// the find
pion/mediadevices
Go implementation of the MediaDevices API.
pion/mediadevices is a Go port of the browser MediaDevices API, giving server-side Go code the same `GetUserMedia`/`GetDisplayMedia` surface you'd use in a browser. It wraps camera, microphone, and screen capture into a unified stream abstraction and plugs directly into pion/webrtc for server-side WebRTC pipelines. The target audience is Go developers building bots, recorders, livestream ingestors, or video conferencing backends without a browser in the loop.
The browser-API shape is a good design call — if you've written WebRTC code on the frontend, the constraint model and track abstraction feel immediately familiar. Static linking for openh264 and opus (pre-built `.a` files per platform) means most users never touch pkg-config for those codecs, which is where Go cgo projects usually fall apart on CI. The driver abstraction is clean enough that you can register your own hardware adapter without forking the library. Active maintenance from the broader pion org, with Renovate keeping dependencies current.
Heavy cgo dependency is unavoidable — almost every codec path requires system libraries (x264, vpx, opus, VAAPI), which makes cross-compilation painful and Docker images large.
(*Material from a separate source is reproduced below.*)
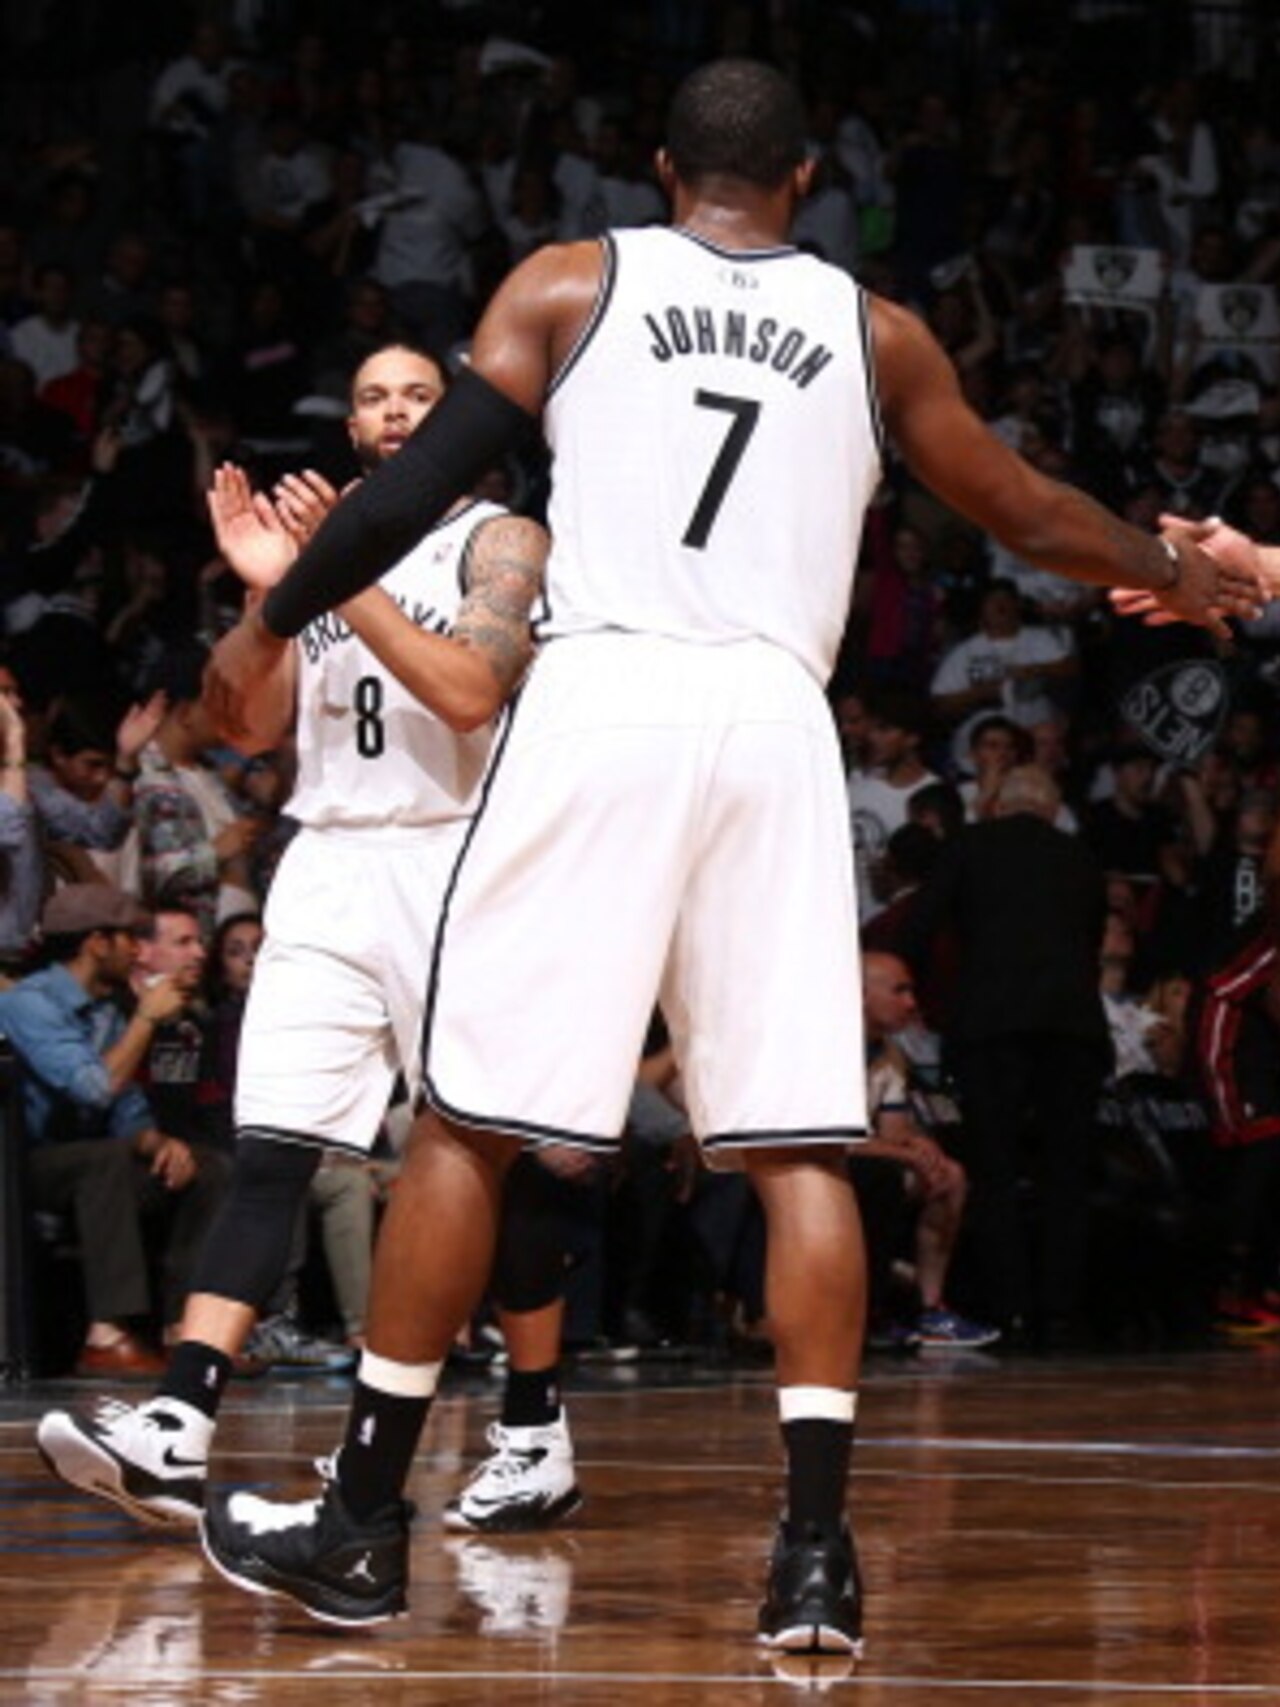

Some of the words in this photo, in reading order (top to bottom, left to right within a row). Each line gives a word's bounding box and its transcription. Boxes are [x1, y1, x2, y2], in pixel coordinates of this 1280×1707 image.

[643, 305, 834, 389] JOHNSON
[681, 387, 762, 551] 7
[354, 675, 385, 759] 8
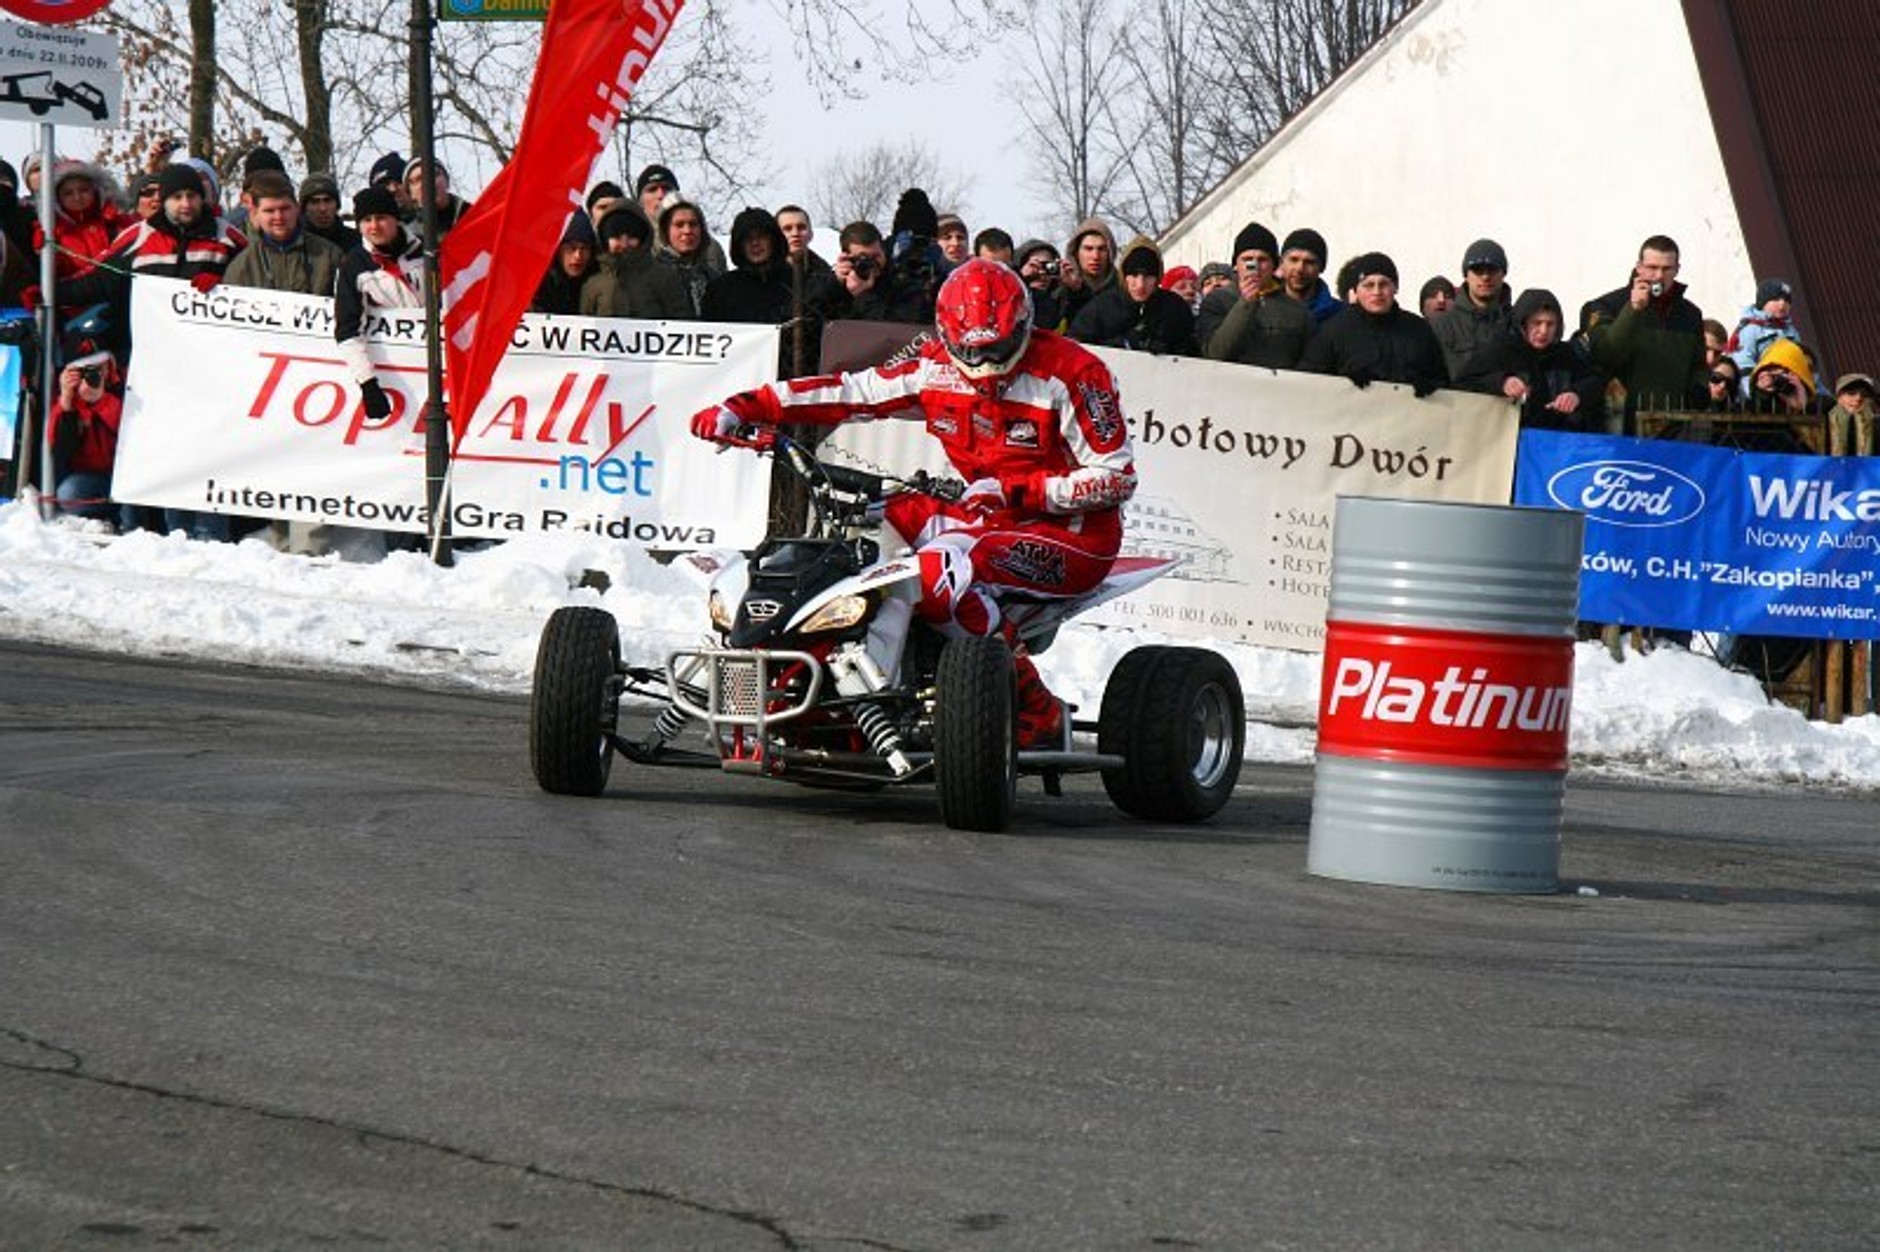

The `nomicrophone` build tag exists precisely because malgo (the microphone backend) regularly breaks cross-compilation, which tells you something about the experience. Screen capture on Linux requires X11 and has no Wayland support, so it silently fails on modern desktop setups. The benchmark numbers (720p/30fps on Raspberry Pi 3) are from 2020 and haven't been updated, making it hard to know current performance on anything more recent.